----- Excerpted data -----

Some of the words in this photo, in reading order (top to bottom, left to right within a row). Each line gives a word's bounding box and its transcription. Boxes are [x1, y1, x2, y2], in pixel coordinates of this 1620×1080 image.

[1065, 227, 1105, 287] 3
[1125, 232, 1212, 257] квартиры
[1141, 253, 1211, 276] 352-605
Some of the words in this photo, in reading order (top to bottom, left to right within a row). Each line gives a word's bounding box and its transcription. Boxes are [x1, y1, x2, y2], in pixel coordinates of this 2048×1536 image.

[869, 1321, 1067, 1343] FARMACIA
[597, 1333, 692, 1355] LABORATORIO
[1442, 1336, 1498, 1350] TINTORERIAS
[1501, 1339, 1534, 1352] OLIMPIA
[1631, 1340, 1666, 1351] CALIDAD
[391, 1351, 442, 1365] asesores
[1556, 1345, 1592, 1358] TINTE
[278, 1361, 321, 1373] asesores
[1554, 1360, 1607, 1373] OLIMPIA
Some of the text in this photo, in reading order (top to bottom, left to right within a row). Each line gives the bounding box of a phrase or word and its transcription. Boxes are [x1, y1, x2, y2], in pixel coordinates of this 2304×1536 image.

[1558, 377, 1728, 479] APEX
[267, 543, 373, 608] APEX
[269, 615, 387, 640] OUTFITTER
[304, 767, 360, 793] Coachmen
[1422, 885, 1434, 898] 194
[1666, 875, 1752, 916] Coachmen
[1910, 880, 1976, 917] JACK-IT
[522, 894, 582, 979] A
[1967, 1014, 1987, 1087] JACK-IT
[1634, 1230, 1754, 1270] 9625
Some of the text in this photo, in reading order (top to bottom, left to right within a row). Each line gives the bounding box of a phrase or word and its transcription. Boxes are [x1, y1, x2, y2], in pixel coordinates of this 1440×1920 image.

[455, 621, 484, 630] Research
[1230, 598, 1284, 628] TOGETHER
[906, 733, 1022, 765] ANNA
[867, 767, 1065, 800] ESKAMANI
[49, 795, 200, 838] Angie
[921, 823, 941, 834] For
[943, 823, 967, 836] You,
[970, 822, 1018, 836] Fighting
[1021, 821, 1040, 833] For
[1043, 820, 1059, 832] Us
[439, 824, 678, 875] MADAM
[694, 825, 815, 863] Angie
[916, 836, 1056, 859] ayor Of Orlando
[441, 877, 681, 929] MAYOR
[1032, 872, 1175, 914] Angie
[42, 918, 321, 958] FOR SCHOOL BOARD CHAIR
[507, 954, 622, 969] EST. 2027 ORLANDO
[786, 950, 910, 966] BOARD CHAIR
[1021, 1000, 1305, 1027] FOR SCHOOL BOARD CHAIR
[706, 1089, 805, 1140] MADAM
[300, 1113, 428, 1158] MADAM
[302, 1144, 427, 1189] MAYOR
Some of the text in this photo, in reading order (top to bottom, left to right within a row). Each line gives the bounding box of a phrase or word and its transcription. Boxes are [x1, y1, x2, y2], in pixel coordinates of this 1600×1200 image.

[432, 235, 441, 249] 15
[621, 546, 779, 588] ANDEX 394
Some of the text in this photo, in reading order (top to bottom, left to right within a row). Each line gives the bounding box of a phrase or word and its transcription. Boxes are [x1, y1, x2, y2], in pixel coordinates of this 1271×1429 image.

-----

* [Work request]: Your answer must be the full listing, copied exactly.

* [Final answer]:
Some of the words in this photo, in reading order (top to bottom, left to right within a row). Each line gives a word's bounding box and its transcription. Boxes are [x1, y1, x2, y2], in pixel coordinates of this 1620×1080 image.

[1065, 227, 1105, 287] 3
[1125, 232, 1212, 257] квартиры
[1141, 253, 1211, 276] 352-605
Some of the words in this photo, in reading order (top to bottom, left to right within a row). Each line gives a word's bounding box and its transcription. Boxes are [x1, y1, x2, y2], in pixel coordinates of this 2048×1536 image.

[869, 1321, 1067, 1343] FARMACIA
[597, 1333, 692, 1355] LABORATORIO
[1442, 1336, 1498, 1350] TINTORERIAS
[1501, 1339, 1534, 1352] OLIMPIA
[1631, 1340, 1666, 1351] CALIDAD
[391, 1351, 442, 1365] asesores
[1556, 1345, 1592, 1358] TINTE
[278, 1361, 321, 1373] asesores
[1554, 1360, 1607, 1373] OLIMPIA
Some of the text in this photo, in reading order (top to bottom, left to right within a row). Each line gives the bounding box of a phrase or word and its transcription. Boxes are [x1, y1, x2, y2], in pixel coordinates of this 2304×1536 image.

[1558, 377, 1728, 479] APEX
[267, 543, 373, 608] APEX
[269, 615, 387, 640] OUTFITTER
[304, 767, 360, 793] Coachmen
[1422, 885, 1434, 898] 194
[1666, 875, 1752, 916] Coachmen
[1910, 880, 1976, 917] JACK-IT
[522, 894, 582, 979] A
[1967, 1014, 1987, 1087] JACK-IT
[1634, 1230, 1754, 1270] 9625
Some of the text in this photo, in reading order (top to bottom, left to right within a row). Each line gives the bounding box of a phrase or word and its transcription. Boxes are [x1, y1, x2, y2], in pixel coordinates of this 1440×1920 image.

[455, 621, 484, 630] Research
[1230, 598, 1284, 628] TOGETHER
[906, 733, 1022, 765] ANNA
[867, 767, 1065, 800] ESKAMANI
[49, 795, 200, 838] Angie
[921, 823, 941, 834] For
[943, 823, 967, 836] You,
[970, 822, 1018, 836] Fighting
[1021, 821, 1040, 833] For
[1043, 820, 1059, 832] Us
[439, 824, 678, 875] MADAM
[694, 825, 815, 863] Angie
[916, 836, 1056, 859] ayor Of Orlando
[441, 877, 681, 929] MAYOR
[1032, 872, 1175, 914] Angie
[42, 918, 321, 958] FOR SCHOOL BOARD CHAIR
[507, 954, 622, 969] EST. 2027 ORLANDO
[786, 950, 910, 966] BOARD CHAIR
[1021, 1000, 1305, 1027] FOR SCHOOL BOARD CHAIR
[706, 1089, 805, 1140] MADAM
[300, 1113, 428, 1158] MADAM
[302, 1144, 427, 1189] MAYOR
Some of the text in this photo, in reading order (top to bottom, left to right within a row). Each line gives the bounding box of a phrase or word and its transcription. Boxes are [x1, y1, x2, y2], in pixel coordinates of this 1600×1200 image.

[432, 235, 441, 249] 15
[621, 546, 779, 588] ANDEX 394
Some of the text in this photo, in reading order (top to bottom, left to right within a row). Each line gives the bounding box of a phrase or word and its transcription. Boxes are [x1, y1, x2, y2], in pixel coordinates of this 1271×1429 image.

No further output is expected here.